6. The high potential and personal politics of PrEP. A key recent boon to the fight against AIDS has been the discovery that HIV drugs can safely protect many high risk people from HIV infection. In a huge boon to HIV prevention, pre-exposure prophylaxis (PrEP) has been proven to protect men who have sex with men, heterosexual men and women, and people who inject drugs from HIV. Recent WHO guidelines suggested "All men who have sex with men should have the opportunity to choose PrEP if they feel that it meets their HIV prevention needs" whereas the CDC guidelines recommended PrEP to groups that hew more closely to populations in whom PrEP showed proven protection. Political commentary has been plentiful, and new clarified WHO guidelines are due out soon, so the PrEP conversation is sure to rage on.

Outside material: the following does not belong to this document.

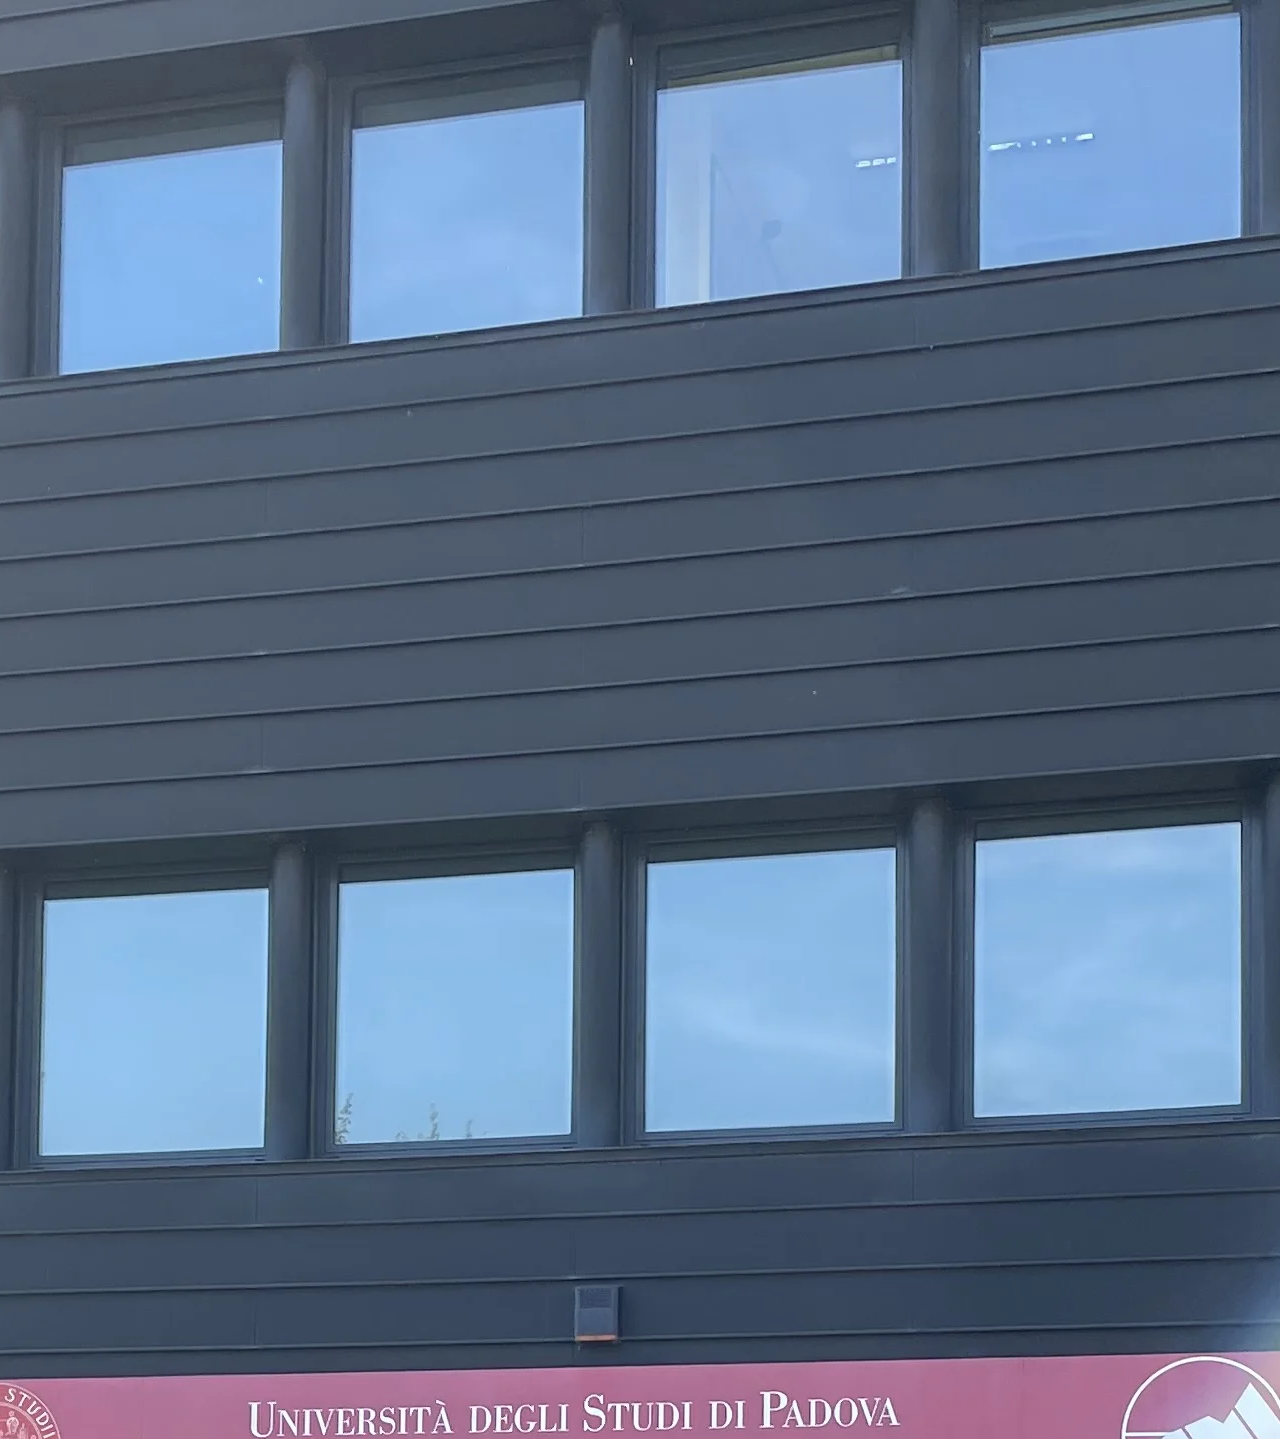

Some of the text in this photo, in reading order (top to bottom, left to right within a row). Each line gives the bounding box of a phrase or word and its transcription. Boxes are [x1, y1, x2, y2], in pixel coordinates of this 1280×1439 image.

[247, 1390, 901, 1439] UNIVERSITÀ DEGLI STUDI DI PADOVA

7. A shot in the arm for vaccines. Many HIV vaccine candidates have fizzled out in clinical trials, including the much-lauded Merck adenovirus vaccine which may have increased the risk of HIV infection. Fortunately the 2009 Rv144 trial showed a protective HIV vaccine is possible, and subsequent studies showed that certain antibody levels correlated with HIV protection among vaccine recipients. This has fueled a new phase of HIV vaccine research, with many new candidates now in clinical trials built on what we have learned in the past few years.
8. Stagnant funding. For years the United States has been the major funder of the global HIV response. Yet on the heels of the global financial crisis, and a diversification of PEPFAR funds, HIV funding has stagnated and experts fear there is a growing gap between the global HIV need and our ability to address it. Will we look at this year as the beginning of the end of HIV, or the year we started to turn away from the dream of zero HIV?
9. Progress for children. Children are our most precious resource. We have a long way to go, but everybody welcomed the wonderful news from UNICEF that new HIV infections in children have dropped by 40%. Hallelujah!
10. A PROMISE for pregnant women. There was good news this year for both children and mothers with HIV. This fall, a pivotal clinical trial called PROMISE was closed early when it showed that full antiretroviral therapy is better for new mothers with HIV. It also surprised many of us by showing a dark horse regimen was best. The ethics of the trial were hotly contested, as I wrote recently in Health Affairs, but ultimately the results of the PROMISE study will help drive global HIV policy in the right direction for years to come.
2014 was a great year for HIV. We saw real progress, we made startling new discoveries, and the HIV community remains as vibrant as ever. Would you have chosen the same top 10 trends in HIV for 2014?